Authors: Lauren Radlinski, Sarah E. Rowe, Laurel B. Kartchner, Robert Maile, Bruce A. Cairns, Nicholas P. Vitko, Cindy J. Gode, Anne M. Lachiewicz, Matthew C. Wolfgang, and Brian P. Conlon
Journal: PLoS Biology
PMID: 29176757
Accurate prediction of antimicrobial efficacy is essential for successful treatment of a bacterial infection. While many studies have considered the impacts of genetically encoded mechanisms of resistance, nongenetic determinants of antibiotic susceptibility during infection remain poorly understood. Here we show that a single interspecies interaction between 2 human pathogens, S. aureus and P. aeruginosa, can completely transform the antibiotic susceptibility profile of S. aureus. Through multiple distinct mechanisms, P. aeruginosa can antagonize or potentiate the efficacy of multiple classes of antibiotics against S. aureus.
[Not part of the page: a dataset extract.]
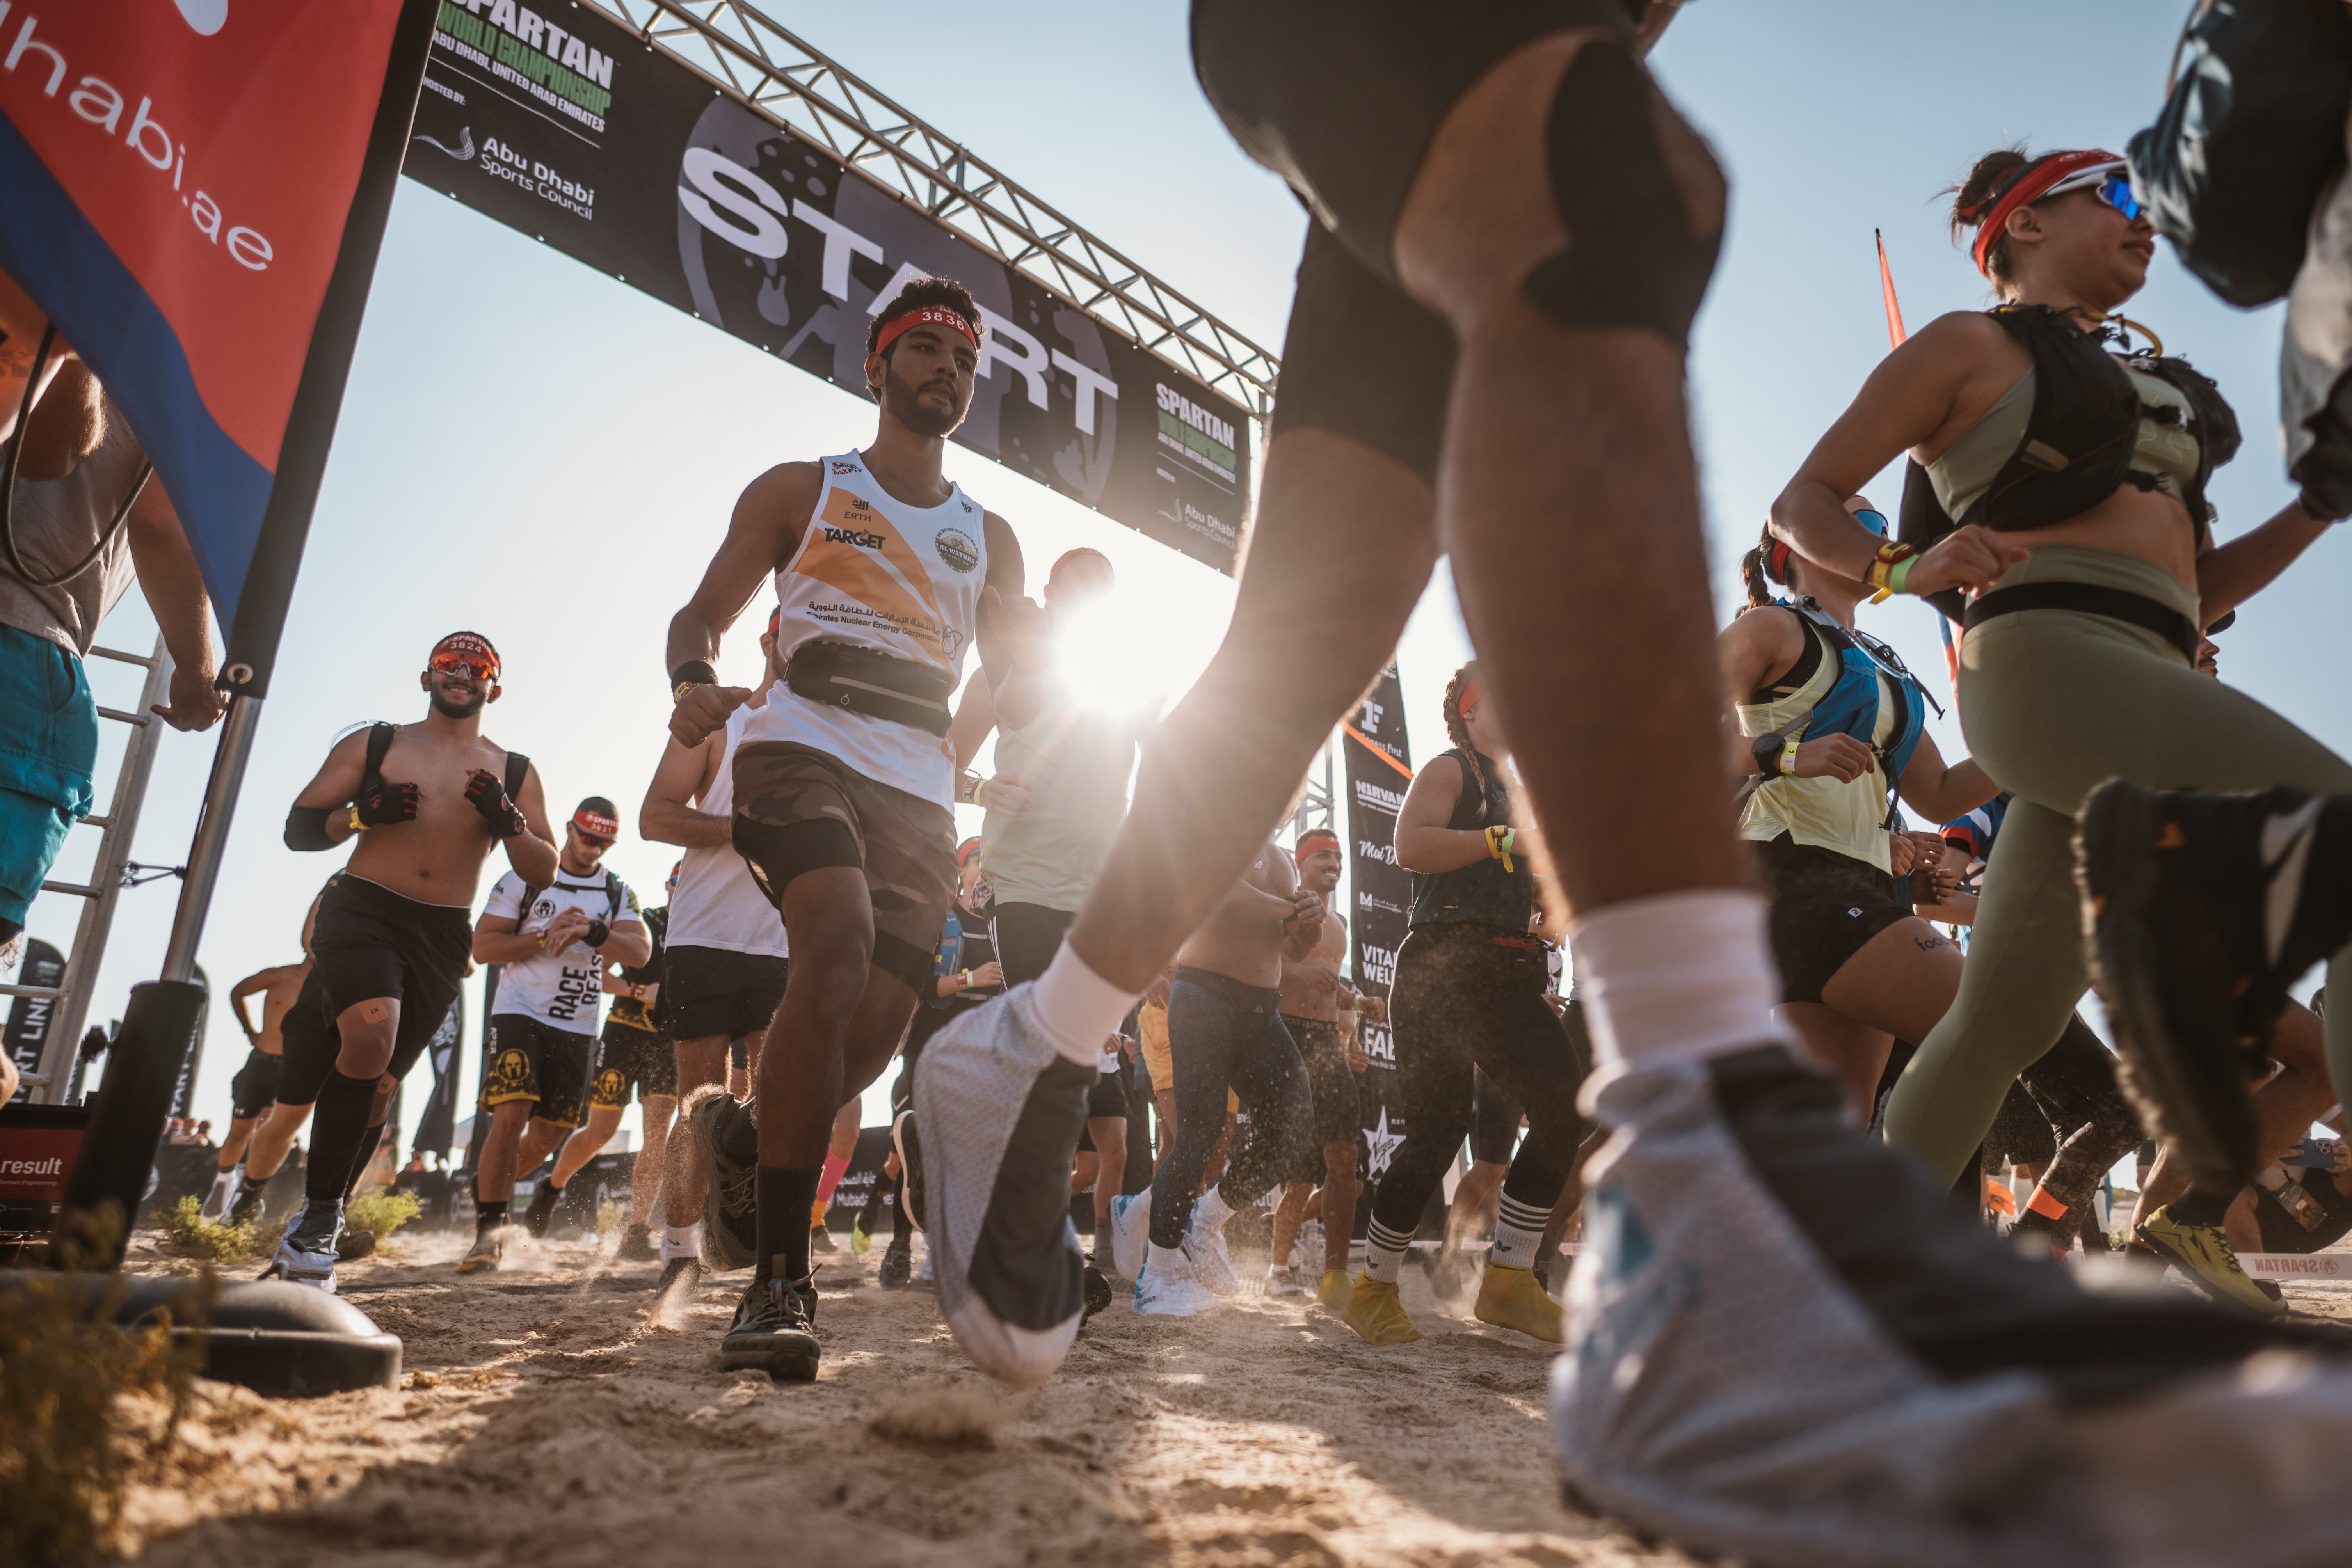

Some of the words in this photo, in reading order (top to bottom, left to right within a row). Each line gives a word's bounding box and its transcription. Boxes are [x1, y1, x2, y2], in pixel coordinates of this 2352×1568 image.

We identify the exoproducts responsible for altering S. aureus susceptibility to antibiotic killing, and furthermore demonstrate that these compounds are produced at varying levels in P. aeruginosa clinical isolates, with dramatic repercussions for S. aureus antibiotic susceptibility. Finally, we use a mouse model of P. aeruginosa–S. aureus coinfection to demonstrate that the presence of P. aeruginosa significantly alters the outcome of S. aureus antibiotic therapy in a host. These findings indicate that the efficacy of antibiotic treatment in polymicrobial infection is determined at the community level, with interspecies interaction playing an important and previously unappreciated role.